### TASK GOAL
Your answer must be an exact copy of the records below, minus any images.

### RECORDED DATA
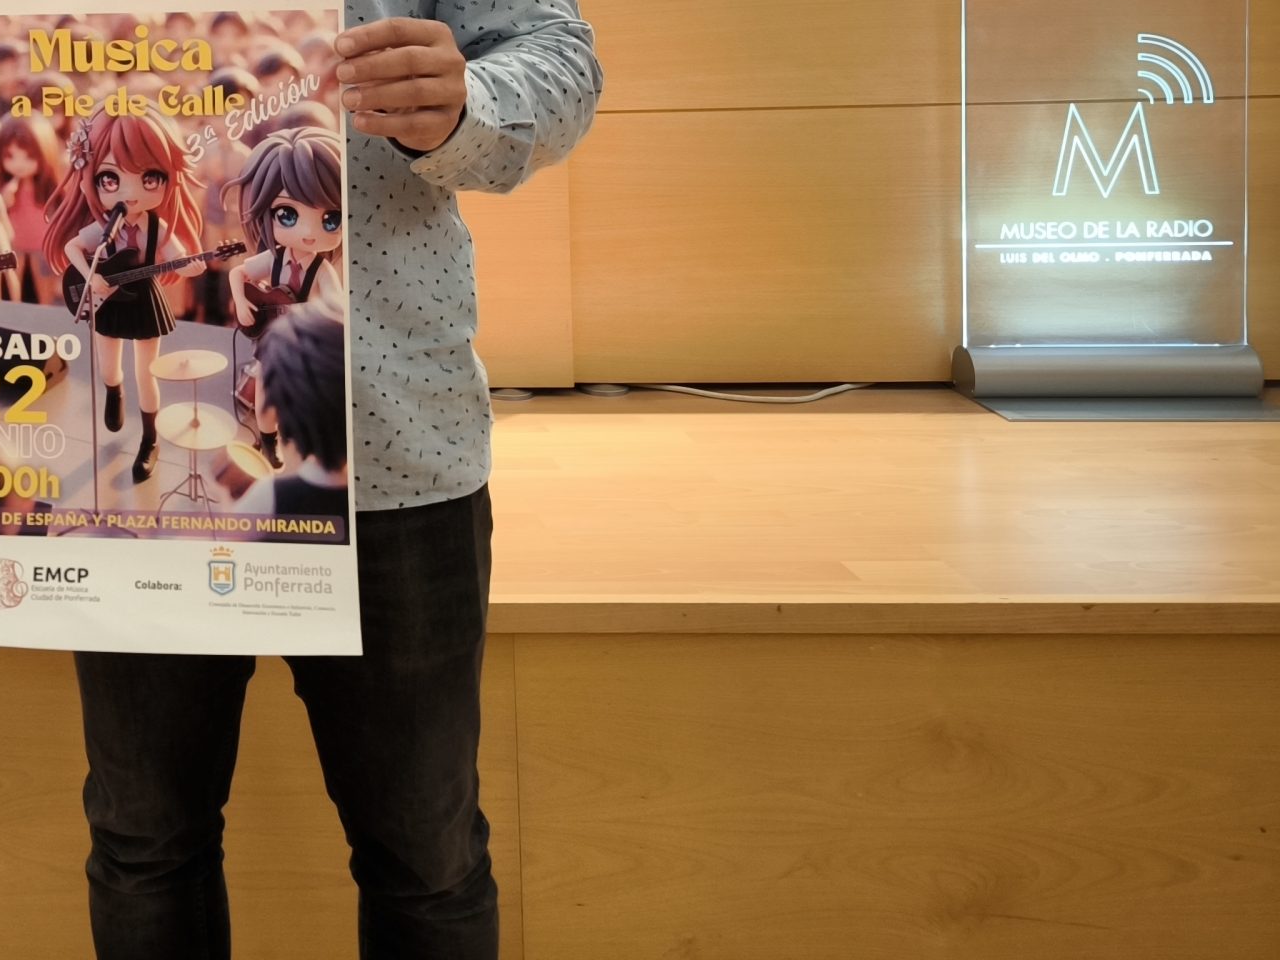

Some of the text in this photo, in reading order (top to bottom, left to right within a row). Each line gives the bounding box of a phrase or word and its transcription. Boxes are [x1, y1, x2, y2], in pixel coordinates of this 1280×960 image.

[11, 85, 245, 118] a Pie de Calle
[224, 73, 320, 141] Edición
[999, 219, 1214, 240] MUSEO DE LA RADIO
[999, 252, 1028, 264] LUIS
[1032, 251, 1056, 263] DEL
[1059, 251, 1101, 263] OLMO
[1114, 250, 1213, 263] PONFERRADA
[1, 512, 23, 525] DE
[26, 511, 88, 527] ESPAÑA
[92, 515, 103, 527] Y
[107, 515, 157, 529] PLAZA
[161, 516, 252, 532] FERNANDO
[256, 519, 336, 535] MIRANDA
[32, 566, 89, 584] EMCP
[243, 562, 332, 577] Ayuntamiento
[134, 580, 182, 591] Colabora:
[243, 577, 333, 597] Ponferrada

### RESULT
Some of the text in this photo, in reading order (top to bottom, left to right within a row). Each line gives the bounding box of a phrase or word and its transcription. Boxes are [x1, y1, x2, y2], in pixel coordinates of this 1280×960 image.

[11, 85, 245, 118] a Pie de Calle
[224, 73, 320, 141] Edición
[999, 219, 1214, 240] MUSEO DE LA RADIO
[999, 252, 1028, 264] LUIS
[1032, 251, 1056, 263] DEL
[1059, 251, 1101, 263] OLMO
[1114, 250, 1213, 263] PONFERRADA
[1, 512, 23, 525] DE
[26, 511, 88, 527] ESPAÑA
[92, 515, 103, 527] Y
[107, 515, 157, 529] PLAZA
[161, 516, 252, 532] FERNANDO
[256, 519, 336, 535] MIRANDA
[32, 566, 89, 584] EMCP
[243, 562, 332, 577] Ayuntamiento
[134, 580, 182, 591] Colabora:
[243, 577, 333, 597] Ponferrada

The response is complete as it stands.